### [Exercise]
Your answer must restate each entry below word for word, with no pictures in it.

### Records shown

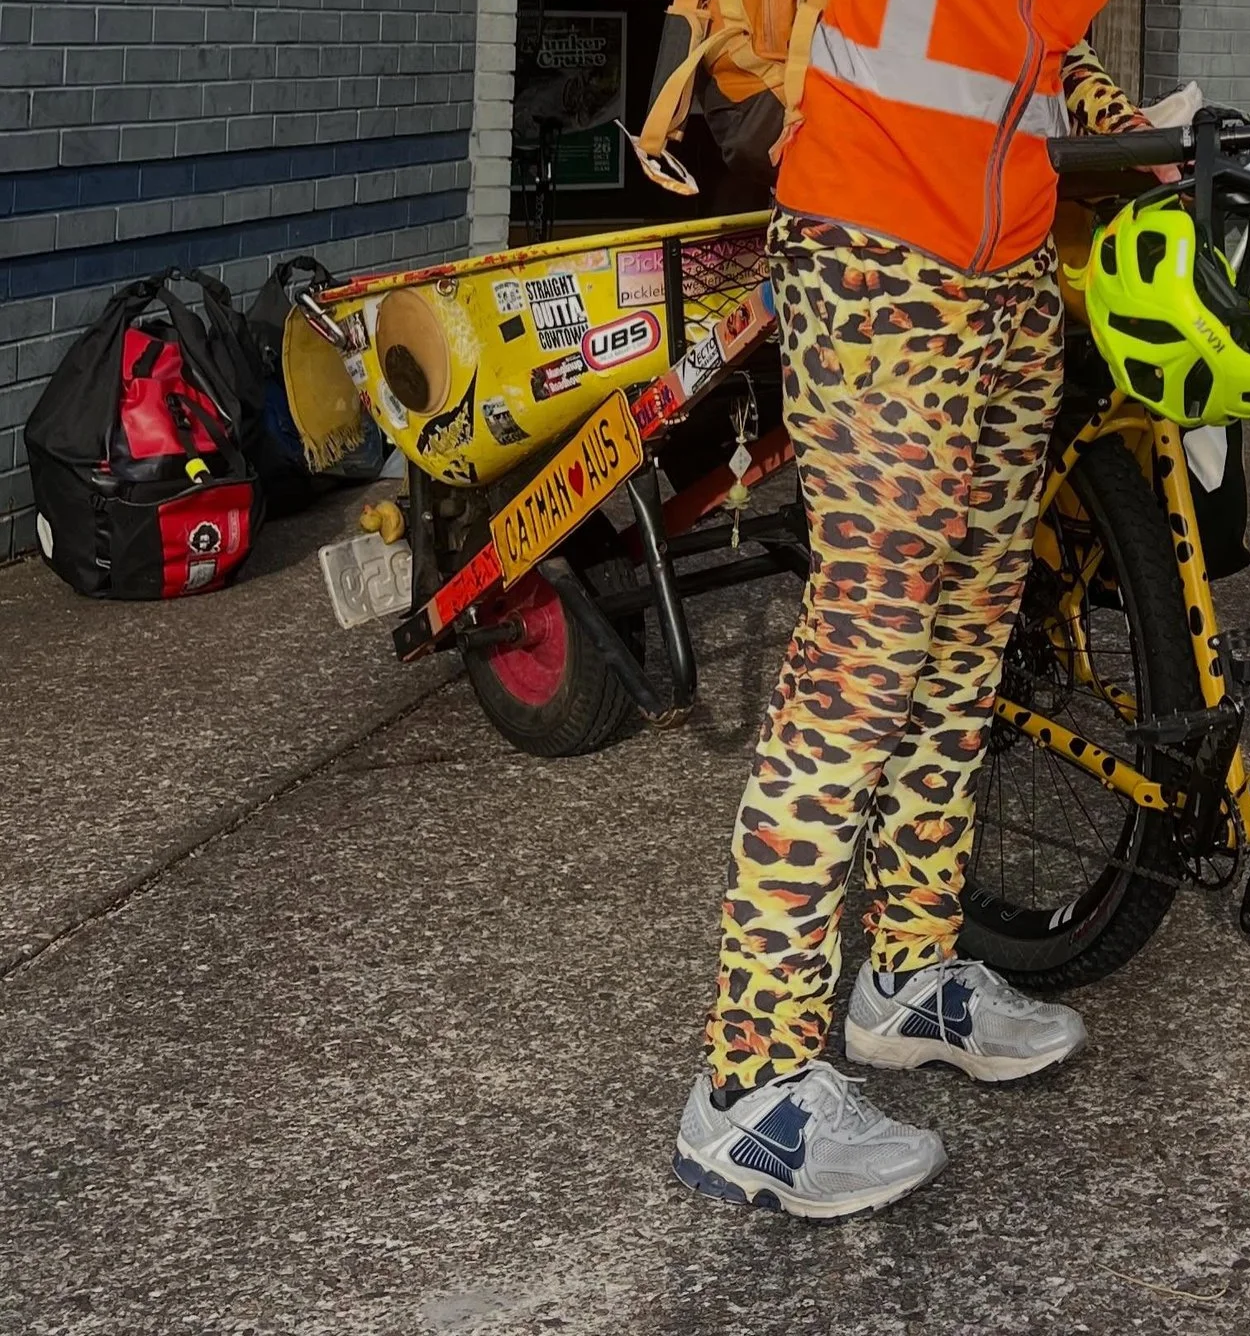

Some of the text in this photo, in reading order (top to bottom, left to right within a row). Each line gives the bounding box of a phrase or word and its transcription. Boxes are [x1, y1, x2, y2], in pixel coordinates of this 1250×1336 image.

[537, 49, 607, 68] Cruise
[525, 274, 576, 301] STRAIGHT
[531, 297, 585, 330] OUTTA
[591, 320, 648, 357] UBS
[505, 419, 619, 562] CATMAN AUS
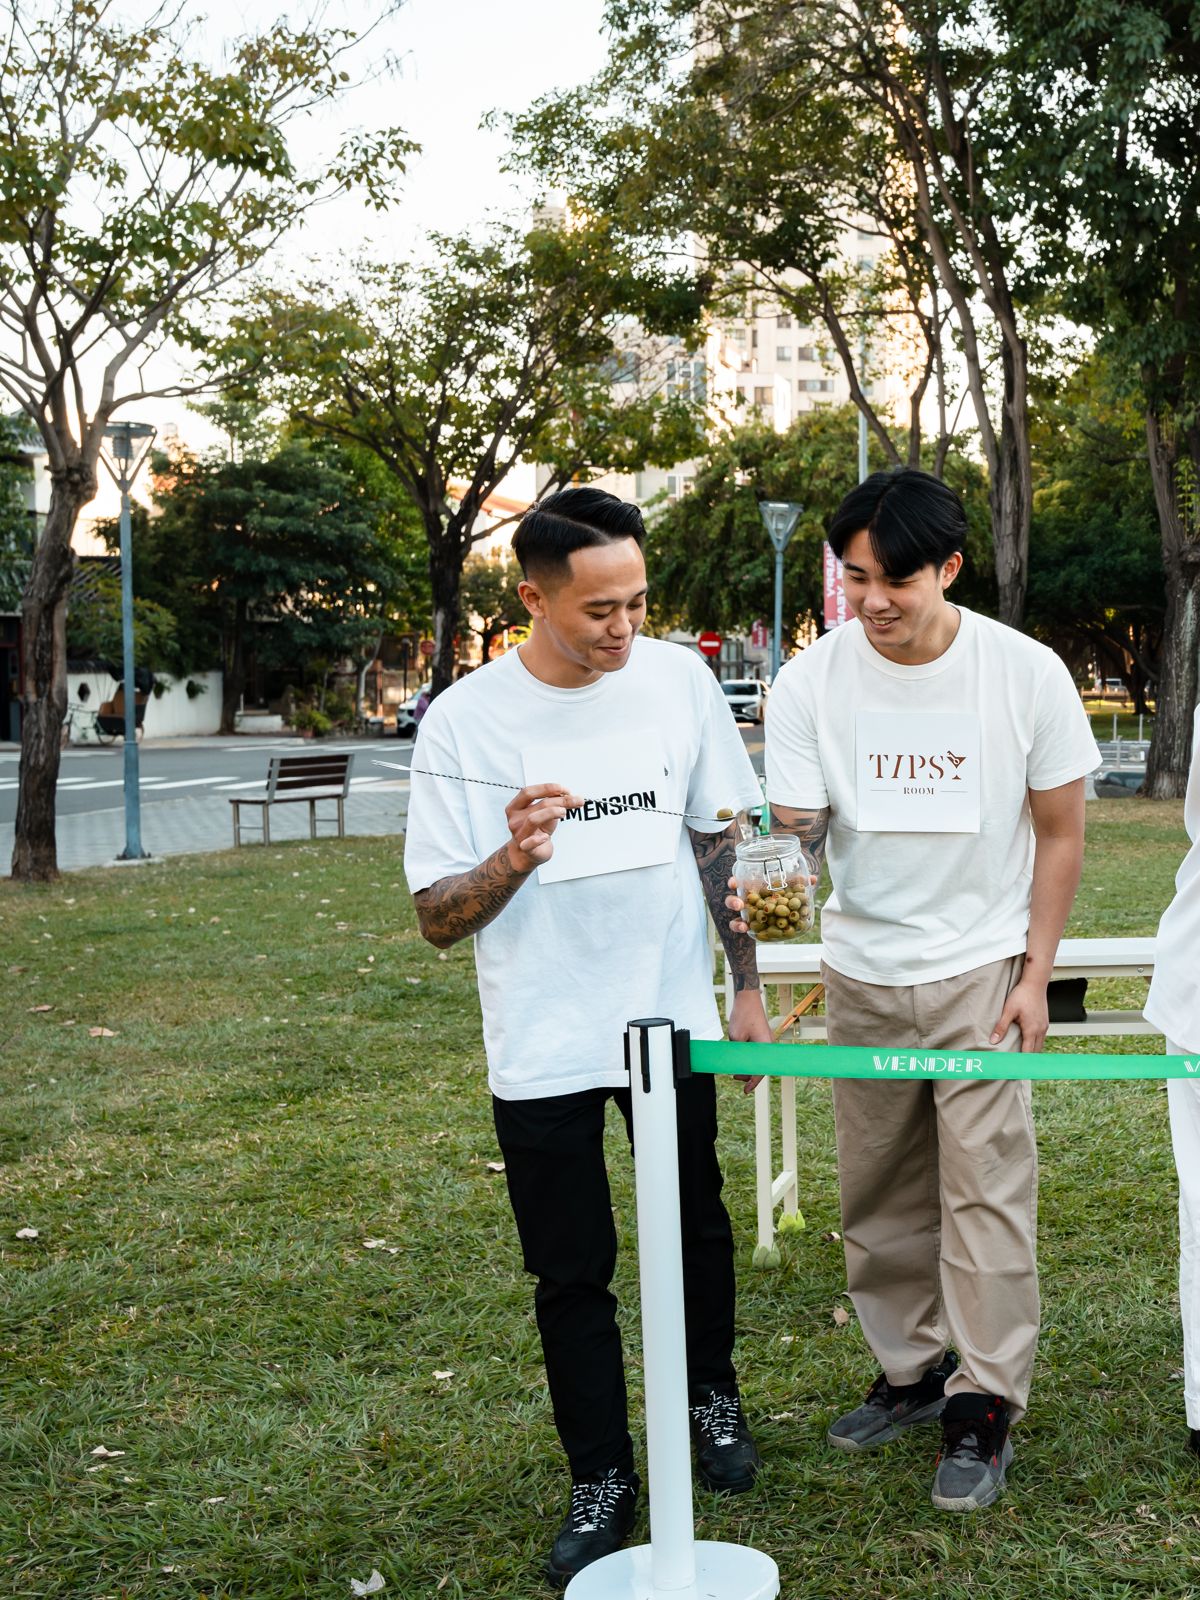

######

### [Finished exercise]
Some of the text in this photo, in reading order (top to bottom, left to right within a row). Each line gives the bounding box of a phrase or word and its transcription. Boxes are [x1, y1, x2, y2], in pixel coordinates of this 1250×1336 image.

[537, 49, 607, 68] Cruise
[525, 274, 576, 301] STRAIGHT
[531, 297, 585, 330] OUTTA
[591, 320, 648, 357] UBS
[505, 419, 619, 562] CATMAN AUS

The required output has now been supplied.